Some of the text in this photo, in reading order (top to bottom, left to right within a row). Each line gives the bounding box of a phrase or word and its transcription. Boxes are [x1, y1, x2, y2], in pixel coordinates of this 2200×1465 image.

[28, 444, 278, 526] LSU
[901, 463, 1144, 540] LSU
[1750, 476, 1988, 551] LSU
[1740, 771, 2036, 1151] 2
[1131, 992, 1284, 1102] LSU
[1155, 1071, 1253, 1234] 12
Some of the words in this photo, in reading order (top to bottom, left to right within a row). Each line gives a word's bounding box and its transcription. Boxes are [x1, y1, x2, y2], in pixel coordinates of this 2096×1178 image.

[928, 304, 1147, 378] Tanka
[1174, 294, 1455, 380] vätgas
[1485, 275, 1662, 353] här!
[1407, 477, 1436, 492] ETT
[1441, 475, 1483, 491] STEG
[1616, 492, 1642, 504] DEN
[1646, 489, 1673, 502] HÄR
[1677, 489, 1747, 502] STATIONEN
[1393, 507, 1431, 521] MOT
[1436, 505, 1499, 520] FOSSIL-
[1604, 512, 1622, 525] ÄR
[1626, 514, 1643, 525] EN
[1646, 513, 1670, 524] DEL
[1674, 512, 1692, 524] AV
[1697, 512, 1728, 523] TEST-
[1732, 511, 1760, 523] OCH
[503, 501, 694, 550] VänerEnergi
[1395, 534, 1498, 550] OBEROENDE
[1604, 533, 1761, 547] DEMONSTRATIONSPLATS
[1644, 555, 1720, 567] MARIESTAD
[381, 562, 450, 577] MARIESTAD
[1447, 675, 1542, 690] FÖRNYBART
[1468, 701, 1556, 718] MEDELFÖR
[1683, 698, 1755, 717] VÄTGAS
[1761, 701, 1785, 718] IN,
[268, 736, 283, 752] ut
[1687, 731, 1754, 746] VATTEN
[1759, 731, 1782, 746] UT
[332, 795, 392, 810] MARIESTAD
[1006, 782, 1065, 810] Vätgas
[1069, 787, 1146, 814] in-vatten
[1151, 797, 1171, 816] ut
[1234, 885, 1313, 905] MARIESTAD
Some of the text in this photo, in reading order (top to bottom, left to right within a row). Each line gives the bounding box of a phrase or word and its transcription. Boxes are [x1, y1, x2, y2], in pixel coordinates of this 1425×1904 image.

====================

§ PROBLEM STATEMENT:
All of the records above are to be repeated exactly.

§ WRITTEN ANSWER:
Some of the text in this photo, in reading order (top to bottom, left to right within a row). Each line gives the bounding box of a phrase or word and its transcription. Boxes are [x1, y1, x2, y2], in pixel coordinates of this 2200×1465 image.

[28, 444, 278, 526] LSU
[901, 463, 1144, 540] LSU
[1750, 476, 1988, 551] LSU
[1740, 771, 2036, 1151] 2
[1131, 992, 1284, 1102] LSU
[1155, 1071, 1253, 1234] 12
Some of the words in this photo, in reading order (top to bottom, left to right within a row). Each line gives a word's bounding box and its transcription. Boxes are [x1, y1, x2, y2], in pixel coordinates of this 2096×1178 image.

[928, 304, 1147, 378] Tanka
[1174, 294, 1455, 380] vätgas
[1485, 275, 1662, 353] här!
[1407, 477, 1436, 492] ETT
[1441, 475, 1483, 491] STEG
[1616, 492, 1642, 504] DEN
[1646, 489, 1673, 502] HÄR
[1677, 489, 1747, 502] STATIONEN
[1393, 507, 1431, 521] MOT
[1436, 505, 1499, 520] FOSSIL-
[1604, 512, 1622, 525] ÄR
[1626, 514, 1643, 525] EN
[1646, 513, 1670, 524] DEL
[1674, 512, 1692, 524] AV
[1697, 512, 1728, 523] TEST-
[1732, 511, 1760, 523] OCH
[503, 501, 694, 550] VänerEnergi
[1395, 534, 1498, 550] OBEROENDE
[1604, 533, 1761, 547] DEMONSTRATIONSPLATS
[1644, 555, 1720, 567] MARIESTAD
[381, 562, 450, 577] MARIESTAD
[1447, 675, 1542, 690] FÖRNYBART
[1468, 701, 1556, 718] MEDELFÖR
[1683, 698, 1755, 717] VÄTGAS
[1761, 701, 1785, 718] IN,
[268, 736, 283, 752] ut
[1687, 731, 1754, 746] VATTEN
[1759, 731, 1782, 746] UT
[332, 795, 392, 810] MARIESTAD
[1006, 782, 1065, 810] Vätgas
[1069, 787, 1146, 814] in-vatten
[1151, 797, 1171, 816] ut
[1234, 885, 1313, 905] MARIESTAD
Some of the text in this photo, in reading order (top to bottom, left to right within a row). Each line gives the bounding box of a phrase or word and its transcription. Boxes are [x1, y1, x2, y2], in pixel coordinates of this 1425×1904 image.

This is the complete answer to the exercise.